**TASK ITEM**
You are asked to repeat the listing word for word and to leave out its pictures.

====== EXTRACTED RECORDS ======

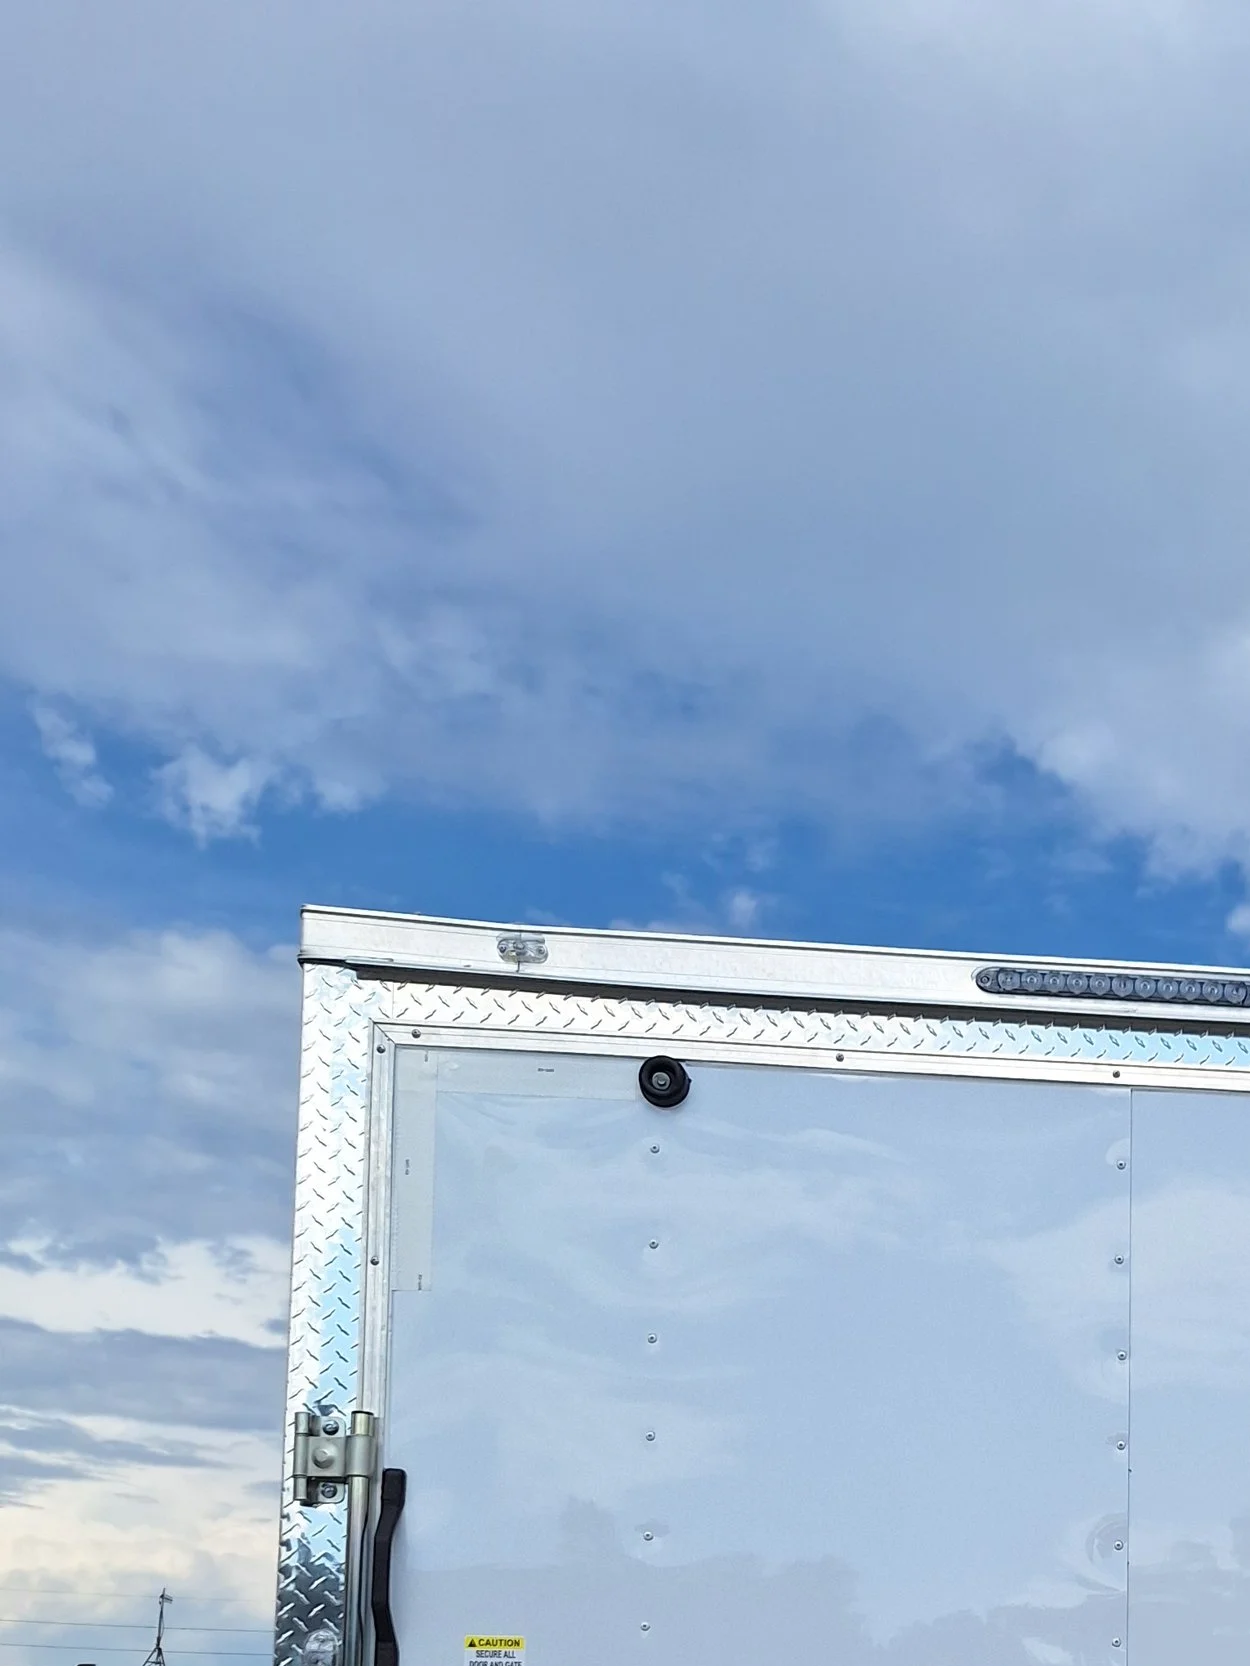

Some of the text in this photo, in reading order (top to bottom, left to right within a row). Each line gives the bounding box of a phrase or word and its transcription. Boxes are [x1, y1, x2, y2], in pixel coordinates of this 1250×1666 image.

[478, 1638, 521, 1647] CAUTION
[476, 1650, 516, 1659] SECURE ALL
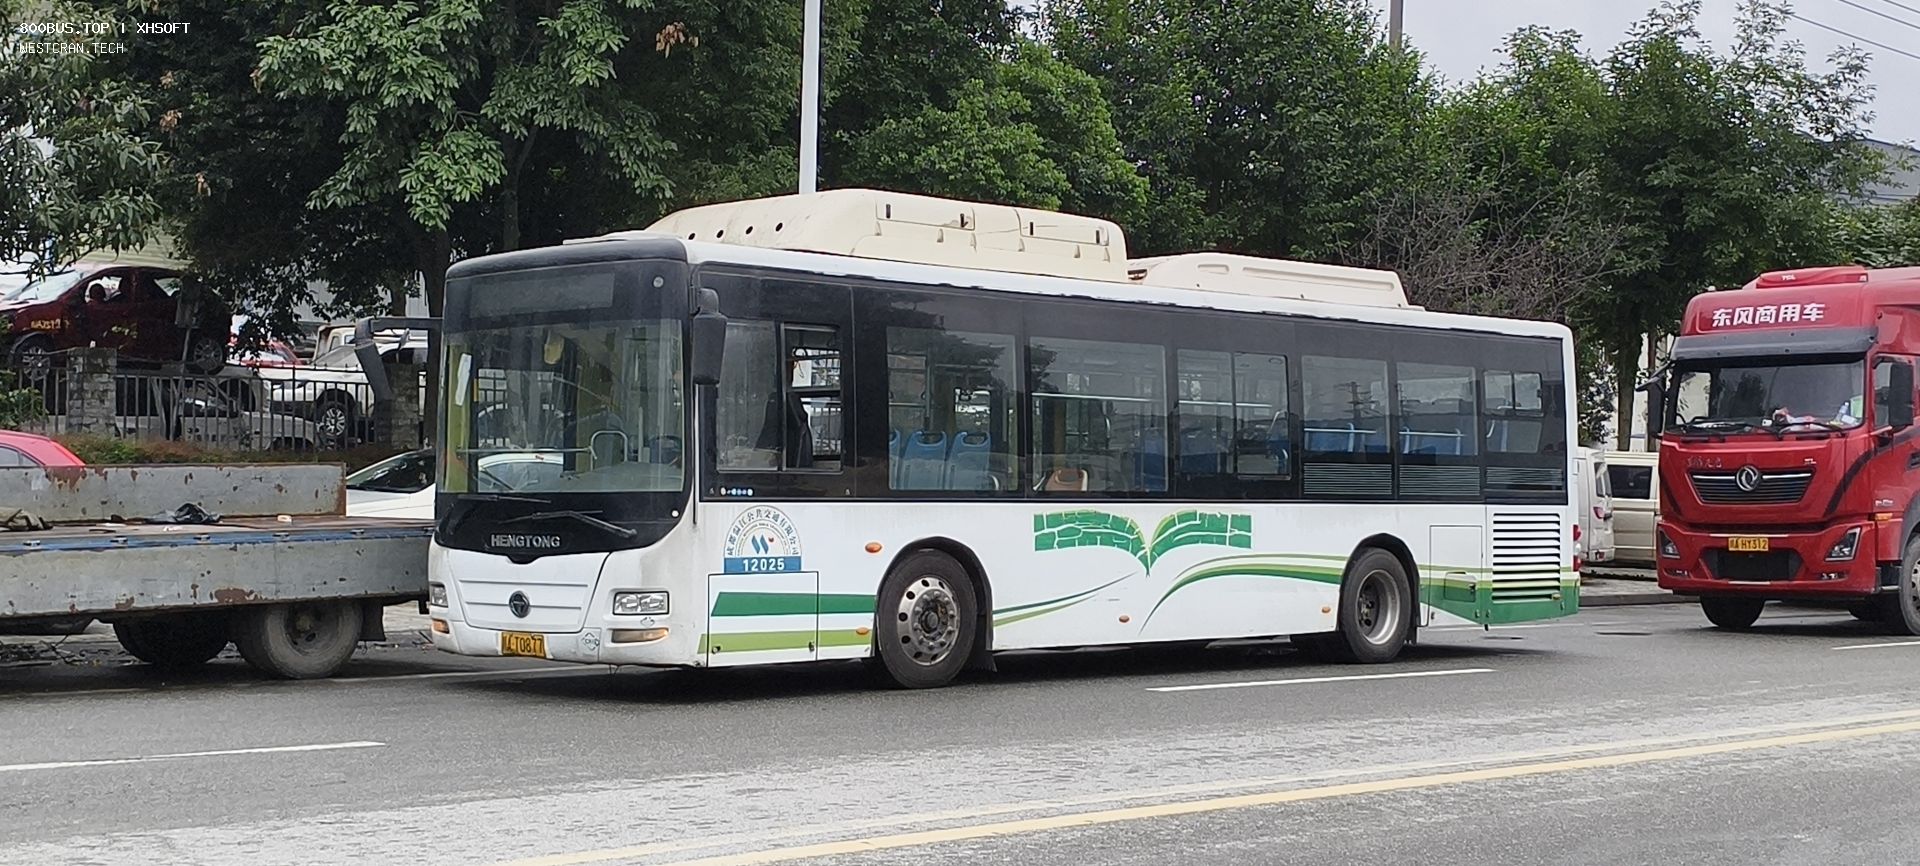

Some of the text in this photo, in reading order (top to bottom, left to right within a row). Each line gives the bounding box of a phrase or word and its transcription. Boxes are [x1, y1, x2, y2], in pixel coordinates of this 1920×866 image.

[1712, 303, 1825, 327] 东风商用车
[491, 534, 561, 548] HENGTONG
[742, 558, 785, 572] 12025
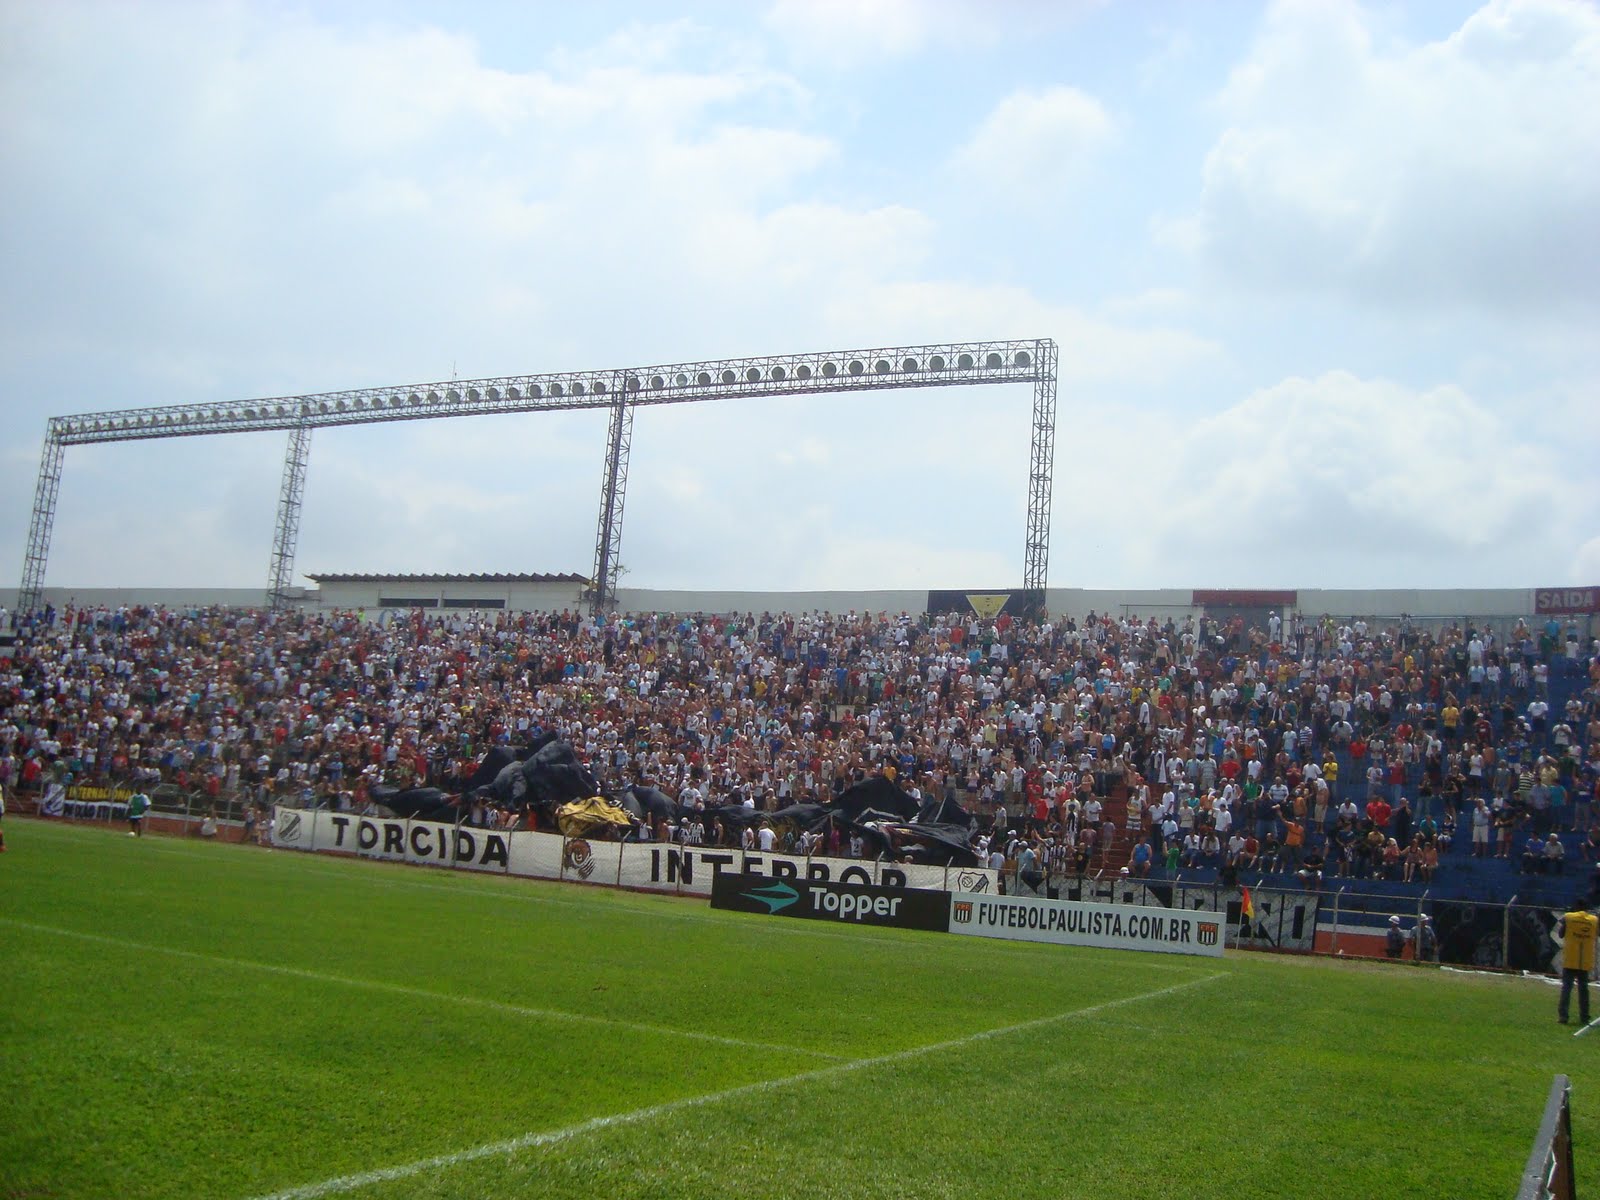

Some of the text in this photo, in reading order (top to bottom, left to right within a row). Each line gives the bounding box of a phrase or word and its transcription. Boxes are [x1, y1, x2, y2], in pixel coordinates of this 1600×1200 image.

[332, 817, 508, 867] TORCIDA
[809, 886, 902, 920] Topper
[979, 903, 1191, 942] FUTEBOLPAULISTA.COM.BR

======

**SOLUTION BELOW**
Some of the text in this photo, in reading order (top to bottom, left to right within a row). Each line gives the bounding box of a phrase or word and its transcription. Boxes are [x1, y1, x2, y2], in pixel coordinates of this 1250×1666 image.

[478, 1638, 521, 1647] CAUTION
[476, 1650, 516, 1659] SECURE ALL

Some of the text in this photo, in reading order (top to bottom, left to right within a row). Each line gives the bounding box of a phrase or word and its transcription. Boxes are [x1, y1, x2, y2], in pixel coordinates of this 1920×866 image.

[1712, 303, 1825, 327] 东风商用车
[491, 534, 561, 548] HENGTONG
[742, 558, 785, 572] 12025

Some of the text in this photo, in reading order (top to bottom, left to right within a row). Each line gives the bounding box of a phrase or word and its transcription. Boxes are [x1, y1, x2, y2], in pixel coordinates of this 1600×1200 image.

[332, 817, 508, 867] TORCIDA
[809, 886, 902, 920] Topper
[979, 903, 1191, 942] FUTEBOLPAULISTA.COM.BR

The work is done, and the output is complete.